France | France, Cour administrative d'appel de Paris, 4ème chambre, 23 juin 2023, 22PA00975


Vu la procédure suivante :

Procédure contentieuse antérieure :

Mme A... C... épouse B... a demandé au tribunal administratif de Montreuil d'annuler l'arrêté du 15 septembre 2020 par lequel le préfet de la Seine-Saint-Denis a refusé de lui délivrer un titre de séjour, l'a obligée à quitter le territoire français dans le délai de trente jours, a fixé le pays à destination duquel elle pourra être éloignée d'office à l'expiration de ce délai et a prononcé à son encontre une interdiction de retour sur le territoire français d'une durée de deux ans.

Par

un jugement n° 2011013 du 15 octobre 2021, le tribunal administratif de Montreuil a rejeté...

Vu la procédure suivante :

Procédure contentieuse antérieure :

Mme A... C... épouse B... a demandé au tribunal administratif de Montreuil d'annuler l'arrêté du 15 septembre 2020 par lequel le préfet de la Seine-Saint-Denis a refusé de lui délivrer un titre de séjour, l'a obligée à quitter le territoire français dans le délai de trente jours, a fixé le pays à destination duquel elle pourra être éloignée d'office à l'expiration de ce délai et a prononcé à son encontre une interdiction de retour sur le territoire français d'une durée de deux ans.

Par un jugement n° 2011013 du 15 octobre 2021, le tribunal administratif de Montreuil a rejeté sa demande.

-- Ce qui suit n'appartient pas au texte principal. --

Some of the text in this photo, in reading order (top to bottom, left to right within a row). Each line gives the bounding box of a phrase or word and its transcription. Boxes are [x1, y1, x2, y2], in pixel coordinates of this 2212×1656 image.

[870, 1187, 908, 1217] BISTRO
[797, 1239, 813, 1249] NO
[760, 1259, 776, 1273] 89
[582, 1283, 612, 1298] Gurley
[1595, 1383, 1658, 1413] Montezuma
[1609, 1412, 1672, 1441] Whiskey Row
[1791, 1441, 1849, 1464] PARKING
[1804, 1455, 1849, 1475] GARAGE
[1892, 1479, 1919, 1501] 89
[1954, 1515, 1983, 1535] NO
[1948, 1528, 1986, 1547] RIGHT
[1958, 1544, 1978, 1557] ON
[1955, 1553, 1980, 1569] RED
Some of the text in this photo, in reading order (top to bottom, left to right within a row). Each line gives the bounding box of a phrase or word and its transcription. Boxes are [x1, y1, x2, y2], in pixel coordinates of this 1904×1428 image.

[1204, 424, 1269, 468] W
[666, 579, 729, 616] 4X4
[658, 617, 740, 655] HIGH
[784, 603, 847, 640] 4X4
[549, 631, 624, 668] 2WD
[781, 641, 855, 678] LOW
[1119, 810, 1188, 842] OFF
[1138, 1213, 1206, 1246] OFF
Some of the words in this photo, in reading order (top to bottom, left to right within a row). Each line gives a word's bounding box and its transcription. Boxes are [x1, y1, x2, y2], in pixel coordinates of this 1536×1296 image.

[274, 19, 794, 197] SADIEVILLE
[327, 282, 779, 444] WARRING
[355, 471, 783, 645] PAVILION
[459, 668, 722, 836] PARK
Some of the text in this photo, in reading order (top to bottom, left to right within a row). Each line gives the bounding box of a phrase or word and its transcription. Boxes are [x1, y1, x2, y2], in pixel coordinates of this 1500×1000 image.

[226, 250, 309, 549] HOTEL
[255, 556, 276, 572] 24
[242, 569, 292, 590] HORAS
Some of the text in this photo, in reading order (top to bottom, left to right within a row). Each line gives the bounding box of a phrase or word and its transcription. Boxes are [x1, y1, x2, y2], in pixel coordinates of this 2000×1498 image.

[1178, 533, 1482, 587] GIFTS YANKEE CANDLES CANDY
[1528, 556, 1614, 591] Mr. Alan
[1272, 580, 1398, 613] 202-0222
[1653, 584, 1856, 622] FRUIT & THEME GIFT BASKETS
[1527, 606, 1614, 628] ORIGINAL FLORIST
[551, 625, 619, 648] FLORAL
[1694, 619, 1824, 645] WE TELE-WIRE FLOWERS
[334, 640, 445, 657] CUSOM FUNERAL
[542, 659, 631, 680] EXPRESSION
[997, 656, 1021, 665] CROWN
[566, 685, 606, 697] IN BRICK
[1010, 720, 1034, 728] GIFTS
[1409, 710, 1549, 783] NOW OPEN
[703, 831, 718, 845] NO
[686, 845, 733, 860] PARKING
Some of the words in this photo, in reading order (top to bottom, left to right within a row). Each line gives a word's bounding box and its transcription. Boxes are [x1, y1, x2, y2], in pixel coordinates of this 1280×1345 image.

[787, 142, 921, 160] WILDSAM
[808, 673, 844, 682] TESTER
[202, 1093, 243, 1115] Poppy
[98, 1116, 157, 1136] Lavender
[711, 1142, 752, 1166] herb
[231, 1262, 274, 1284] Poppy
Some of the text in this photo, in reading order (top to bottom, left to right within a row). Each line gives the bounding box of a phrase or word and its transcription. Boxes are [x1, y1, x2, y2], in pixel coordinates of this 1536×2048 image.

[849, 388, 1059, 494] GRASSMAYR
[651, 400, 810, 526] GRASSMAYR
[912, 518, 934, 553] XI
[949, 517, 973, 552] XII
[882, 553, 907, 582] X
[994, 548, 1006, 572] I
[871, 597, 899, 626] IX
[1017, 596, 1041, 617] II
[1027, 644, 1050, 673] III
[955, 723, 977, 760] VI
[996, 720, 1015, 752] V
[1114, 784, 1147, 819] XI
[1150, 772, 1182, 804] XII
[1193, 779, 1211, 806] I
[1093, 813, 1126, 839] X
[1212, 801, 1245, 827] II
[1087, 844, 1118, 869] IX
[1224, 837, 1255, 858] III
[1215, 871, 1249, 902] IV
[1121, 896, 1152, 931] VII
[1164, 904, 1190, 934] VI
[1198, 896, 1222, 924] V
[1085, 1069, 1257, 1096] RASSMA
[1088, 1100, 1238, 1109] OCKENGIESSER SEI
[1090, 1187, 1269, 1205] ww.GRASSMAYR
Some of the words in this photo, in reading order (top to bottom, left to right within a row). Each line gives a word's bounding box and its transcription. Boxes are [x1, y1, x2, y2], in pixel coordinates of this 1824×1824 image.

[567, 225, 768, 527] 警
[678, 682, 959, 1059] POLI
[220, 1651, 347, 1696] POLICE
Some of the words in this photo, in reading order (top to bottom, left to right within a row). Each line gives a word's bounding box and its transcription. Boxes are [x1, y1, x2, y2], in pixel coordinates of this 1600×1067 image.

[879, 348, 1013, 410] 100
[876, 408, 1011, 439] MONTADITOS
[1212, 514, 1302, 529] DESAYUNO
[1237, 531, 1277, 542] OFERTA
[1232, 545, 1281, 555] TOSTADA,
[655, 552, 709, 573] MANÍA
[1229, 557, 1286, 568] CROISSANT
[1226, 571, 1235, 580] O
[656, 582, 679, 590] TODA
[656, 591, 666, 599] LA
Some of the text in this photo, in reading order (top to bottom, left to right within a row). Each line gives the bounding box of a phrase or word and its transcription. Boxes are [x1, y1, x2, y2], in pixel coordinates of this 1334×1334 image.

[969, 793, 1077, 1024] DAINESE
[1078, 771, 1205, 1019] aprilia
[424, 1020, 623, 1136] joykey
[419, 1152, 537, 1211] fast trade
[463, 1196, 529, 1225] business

Procédure devant la Cour :

Par une requête, enregistrée le 1er mars 2022, Mme C... épouse B..., représentée par Me Rosin, demande à la Cour :

1°) d'annuler ce jugement ;

2°) d'annuler, pour excès de pouvoir, cet arrêté ;

3°) d'enjoindre au préfet territorialement compétent de lui délivrer un titre de séjour portant la mention " vie privée et familiale " ou, à défaut, de réexaminer sa situation dans le délai d'un mois à compter de la notification de l'arrêt à intervenir et, dans l'attente de ce réexamen, de lui délivrer une autorisation provisoire de séjour l'autorisant à travailler ;

4°) de mettre à la charge de l'Etat la somme de 1 500 euros à verser à son conseil au titre des articles L. 761-1 du code de justice administrative et 37 de la loi du 10 juillet 1991.

Elle soutient que :

- la décision portant refus de titre de séjour est entachée d'une insuffisance de motivation en fait et d'un défaut d'examen particulier de sa situation personnelle ;

- elle est entachée d'une erreur de droit en ce que le préfet a considéré qu'elle ne peut être regardée comme séjournant en France depuis une date antérieure au délai d'exécution de la mesure d'éloignement dont elle a fait l'objet le 14 septembre 2015 ;

- elle est entachée d'erreurs de fait tenant à ses conditions d'entrée en France, à la situation de son époux au regard du séjour et à la durée de son séjour en France ;

- elle est entachée d'une erreur manifeste d'appréciation au regard des dispositions de l'article L. 313-14 du code de l'entrée et du séjour des étrangers et du droit d'asile ;

- elle méconnaît les stipulations des articles 8 de la convention européenne de sauvegarde des droits de l'homme et des libertés fondamentales et 3-1 de la convention internationale relative aux droits de l'enfant ;

- la décision portant obligation de quitter le territoire français est illégale par voie de conséquence de l'illégalité de la décision portant refus de titre de séjour ;

- elle méconnaît les stipulations des articles 8 de la convention européenne de sauvegarde des droits de l'homme et des libertés fondamentales et 3-1 de la convention internationale relative aux droits de l'enfant ;

- elle est entachée d'une erreur manifeste d'appréciation ;

- la décision portant interdiction de retour sur le territoire français est entachée d'une insuffisance de motivation et d'un défaut d'examen particulier de sa situation personnelle ;

- elle est entachée d'une erreur de droit au regard des dispositions du III de l'article L. 511-1 du code de l'entrée et du séjour des étrangers et du droit d'asile ;

- elle est entachée d'une erreur d'appréciation au regard de ces dispositions ;

- elle méconnaît les stipulations des articles 8 de la convention européenne de sauvegarde des droits de l'homme et des libertés fondamentales et 3-1 de la convention internationale relative aux droits de l'enfant.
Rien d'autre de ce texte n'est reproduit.